(Your objective): Produce a faithful copy of the data, one that leaves out the pictures.

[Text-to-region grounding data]
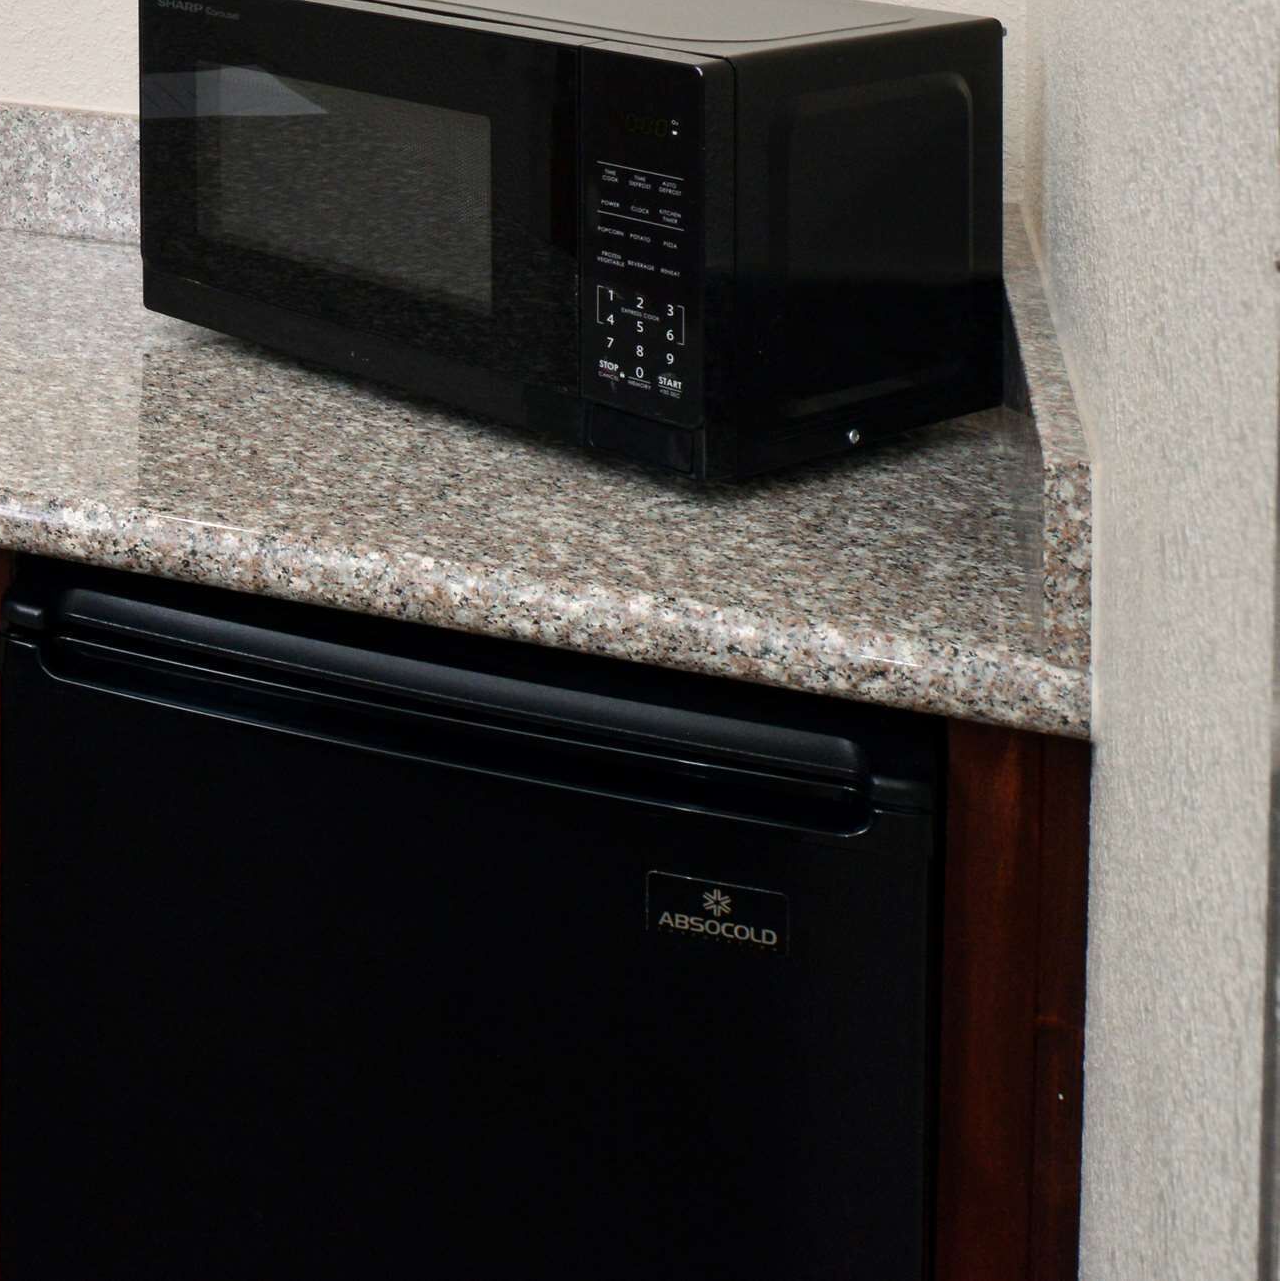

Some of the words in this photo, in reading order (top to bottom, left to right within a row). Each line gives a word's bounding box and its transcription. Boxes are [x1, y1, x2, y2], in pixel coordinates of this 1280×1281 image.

[662, 180, 678, 189] AUTO
[600, 199, 620, 208] POWER
[630, 205, 650, 215] CLOCK
[659, 208, 682, 219] KITCHEN
[597, 225, 624, 237] POPCORN
[629, 233, 652, 244] POTATO
[663, 240, 678, 249] PIZZA
[601, 250, 622, 260] FROZEN
[596, 256, 625, 268] VEGETABLE
[627, 260, 655, 272] BEVERAGE
[608, 290, 614, 301] 1
[636, 297, 644, 309] 2
[667, 305, 674, 317] 3
[606, 314, 615, 326] 4
[636, 321, 644, 333] 5
[667, 329, 674, 341] 6
[606, 337, 614, 348] 7
[636, 345, 644, 357] 8
[599, 359, 619, 371] STOP
[666, 353, 674, 365] 9
[635, 366, 644, 379] 0
[658, 375, 682, 390] START
[658, 911, 778, 946] ABSOCOLD
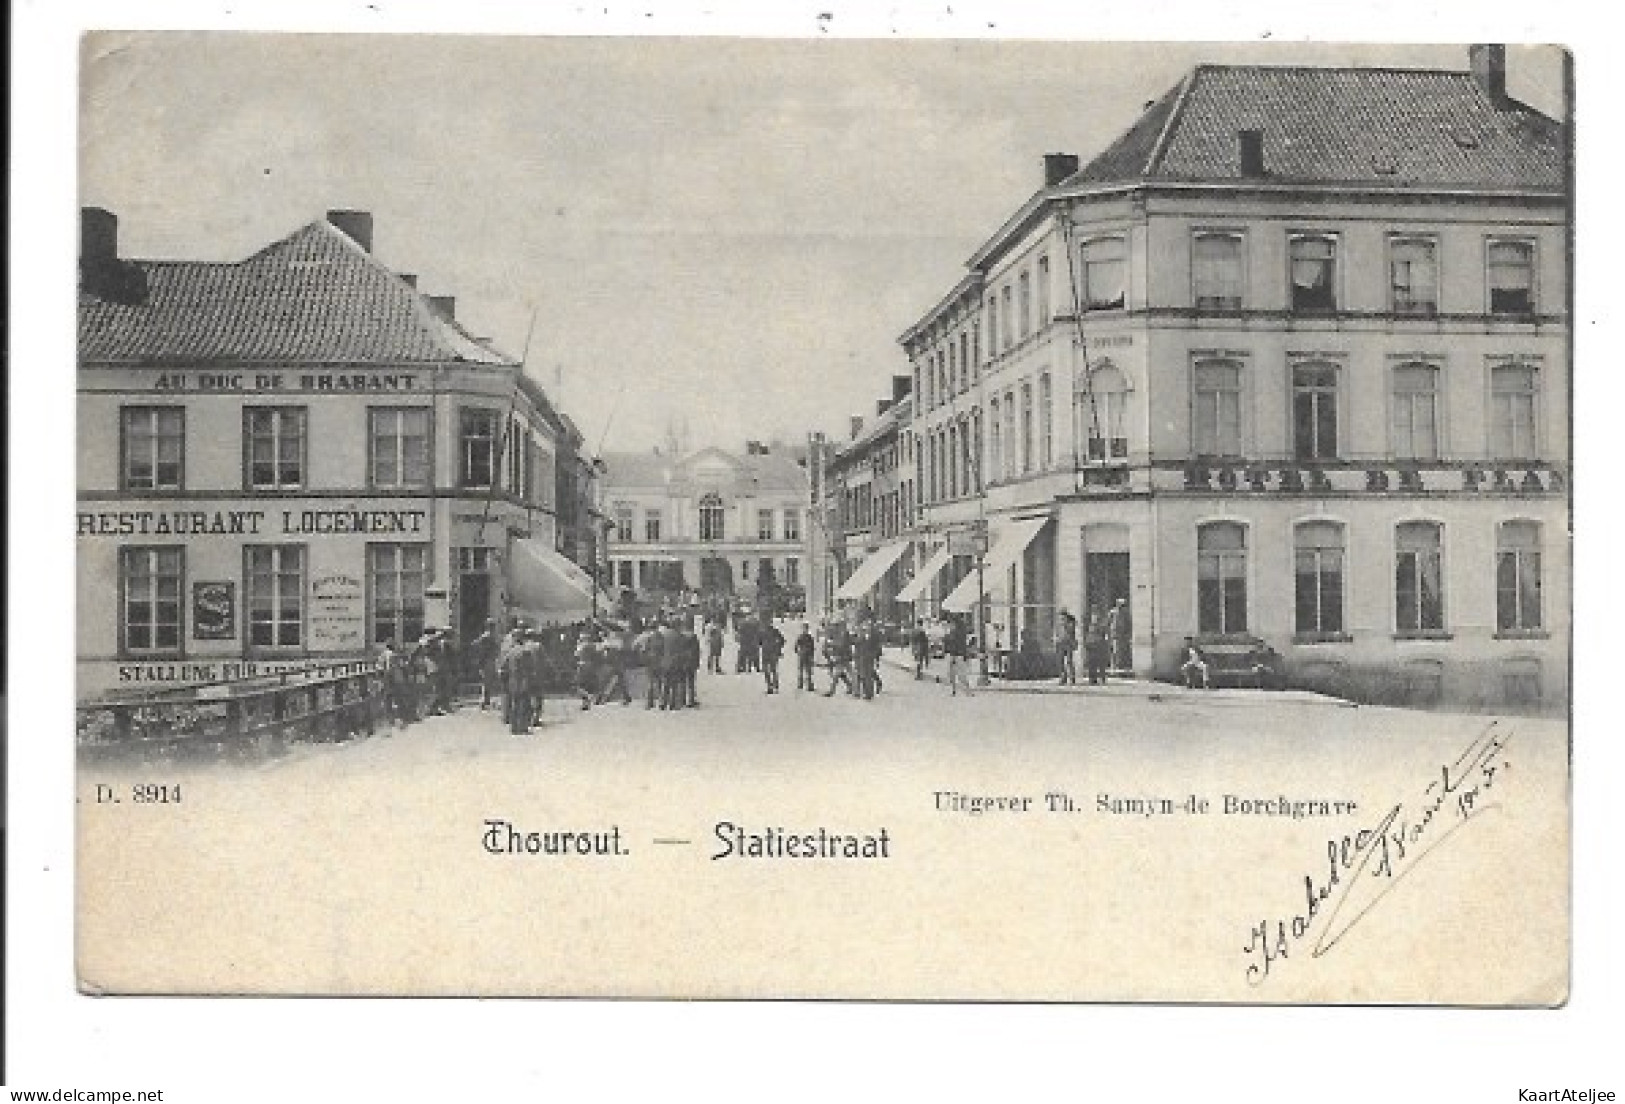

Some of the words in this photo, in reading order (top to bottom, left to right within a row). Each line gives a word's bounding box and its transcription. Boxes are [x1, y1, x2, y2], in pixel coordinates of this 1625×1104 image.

[155, 375, 186, 390] AU
[200, 375, 243, 390] DUC
[256, 375, 284, 390] DE
[301, 375, 417, 390] BRABANT
[1184, 469, 1332, 492] HOTEL
[77, 511, 265, 535] RESTAURANT
[132, 783, 181, 803] 8914
[933, 792, 1033, 815] Uitgever
[1045, 793, 1082, 813] Th.
[1222, 795, 1358, 821] Borchgrave
[482, 819, 630, 856] Thourout.
[710, 821, 891, 860] Statiestraat
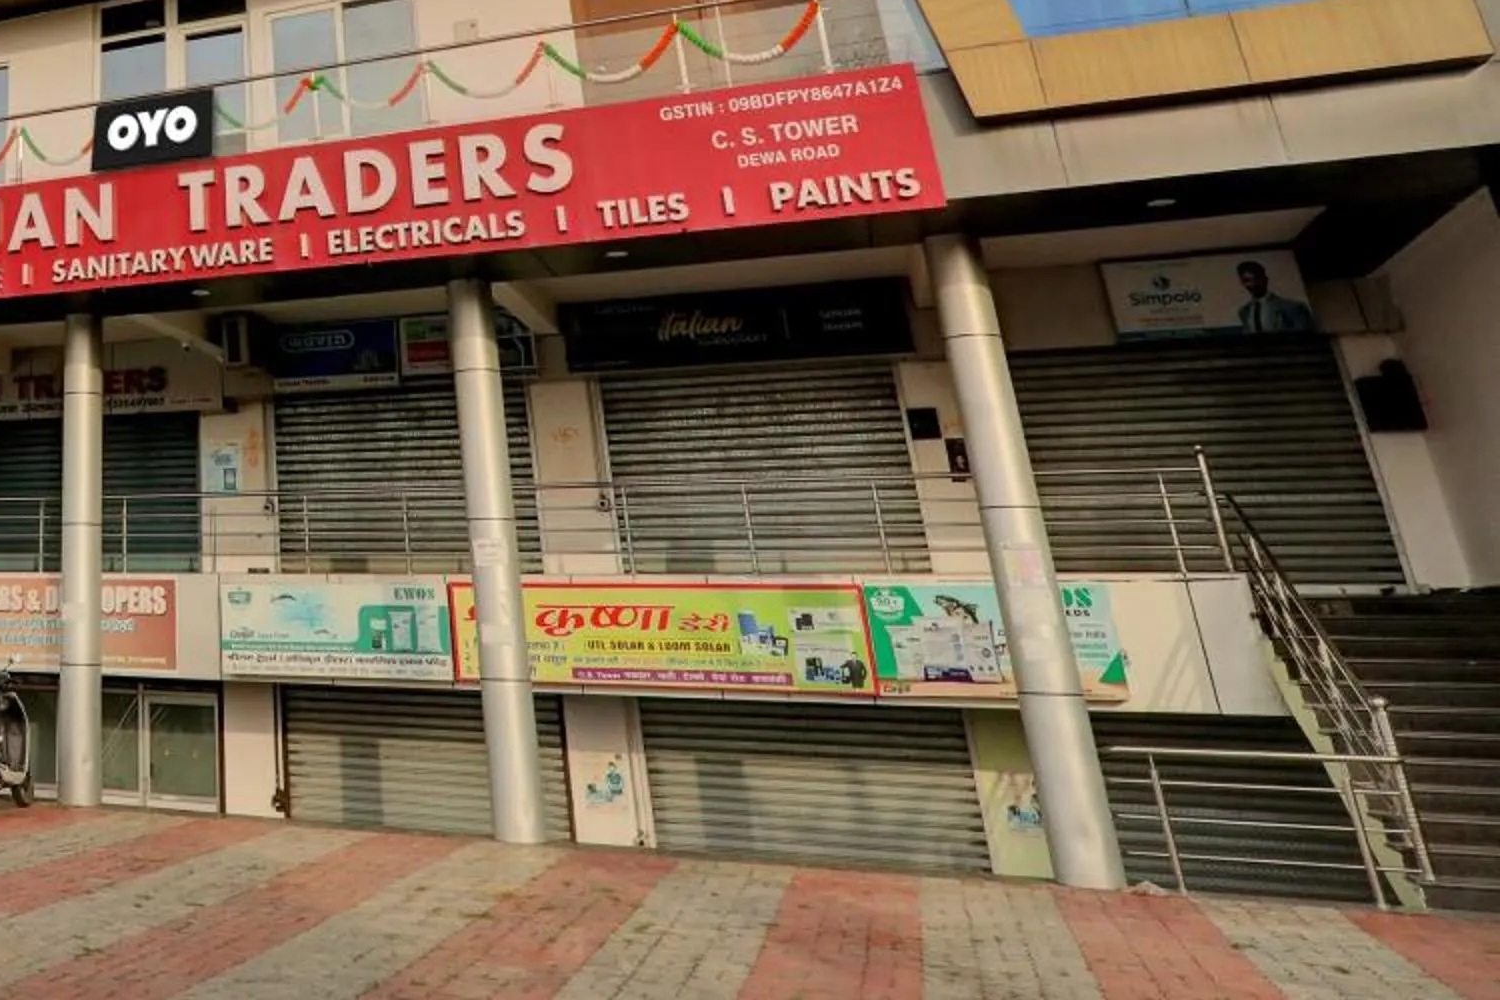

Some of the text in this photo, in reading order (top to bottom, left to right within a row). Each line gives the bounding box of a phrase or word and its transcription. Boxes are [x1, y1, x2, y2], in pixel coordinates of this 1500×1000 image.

[660, 102, 714, 121] GSTIN
[107, 105, 198, 152] OYO
[711, 114, 860, 150] C. S. TOWER
[737, 144, 841, 168] DEWA ROAD
[178, 123, 575, 233] TRADERS
[51, 237, 273, 284] SANITARYWARE
[326, 209, 526, 256] ELECTRICALS
[597, 193, 690, 229] TILES
[769, 167, 922, 212] PAINTS
[25, 587, 42, 613] &
[678, 611, 730, 633] डेरी
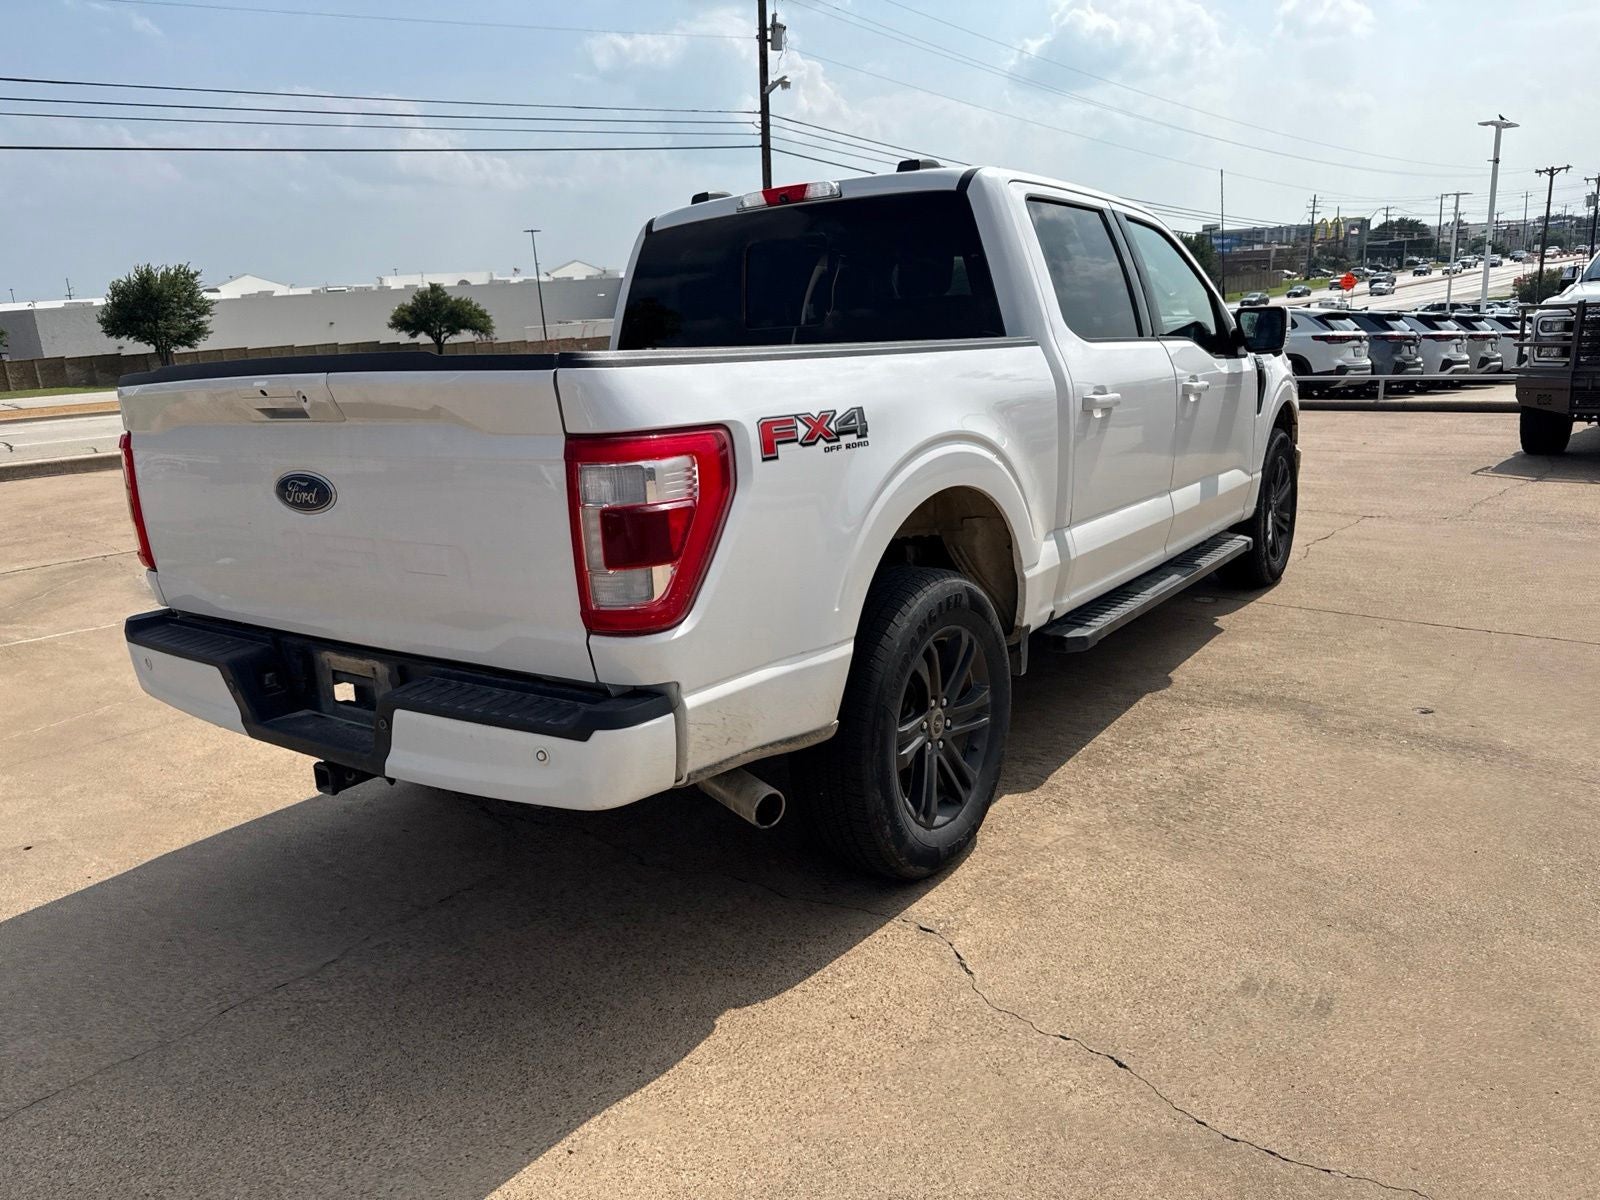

(Solution):
Some of the words in this photo, in reading order (top to bottom, left to right within a row). Each line gives a word's bounding box and its transcription. Boxes are [x1, y1, x2, y2], in pixel coordinates of this 1280×1281 image.

[662, 180, 678, 189] AUTO
[600, 199, 620, 208] POWER
[630, 205, 650, 215] CLOCK
[659, 208, 682, 219] KITCHEN
[597, 225, 624, 237] POPCORN
[629, 233, 652, 244] POTATO
[663, 240, 678, 249] PIZZA
[601, 250, 622, 260] FROZEN
[596, 256, 625, 268] VEGETABLE
[627, 260, 655, 272] BEVERAGE
[608, 290, 614, 301] 1
[636, 297, 644, 309] 2
[667, 305, 674, 317] 3
[606, 314, 615, 326] 4
[636, 321, 644, 333] 5
[667, 329, 674, 341] 6
[606, 337, 614, 348] 7
[636, 345, 644, 357] 8
[599, 359, 619, 371] STOP
[666, 353, 674, 365] 9
[635, 366, 644, 379] 0
[658, 375, 682, 390] START
[658, 911, 778, 946] ABSOCOLD

Some of the words in this photo, in reading order (top to bottom, left to right within a row). Each line gives a word's bounding box and its transcription. Boxes are [x1, y1, x2, y2], in pixel coordinates of this 1625×1104 image.

[155, 375, 186, 390] AU
[200, 375, 243, 390] DUC
[256, 375, 284, 390] DE
[301, 375, 417, 390] BRABANT
[1184, 469, 1332, 492] HOTEL
[77, 511, 265, 535] RESTAURANT
[132, 783, 181, 803] 8914
[933, 792, 1033, 815] Uitgever
[1045, 793, 1082, 813] Th.
[1222, 795, 1358, 821] Borchgrave
[482, 819, 630, 856] Thourout.
[710, 821, 891, 860] Statiestraat

Some of the text in this photo, in reading order (top to bottom, left to right within a row). Each line gives the bounding box of a phrase or word and its transcription. Boxes are [x1, y1, x2, y2], in pixel coordinates of this 1500×1000 image.

[660, 102, 714, 121] GSTIN
[107, 105, 198, 152] OYO
[711, 114, 860, 150] C. S. TOWER
[737, 144, 841, 168] DEWA ROAD
[178, 123, 575, 233] TRADERS
[51, 237, 273, 284] SANITARYWARE
[326, 209, 526, 256] ELECTRICALS
[597, 193, 690, 229] TILES
[769, 167, 922, 212] PAINTS
[25, 587, 42, 613] &
[678, 611, 730, 633] डेरी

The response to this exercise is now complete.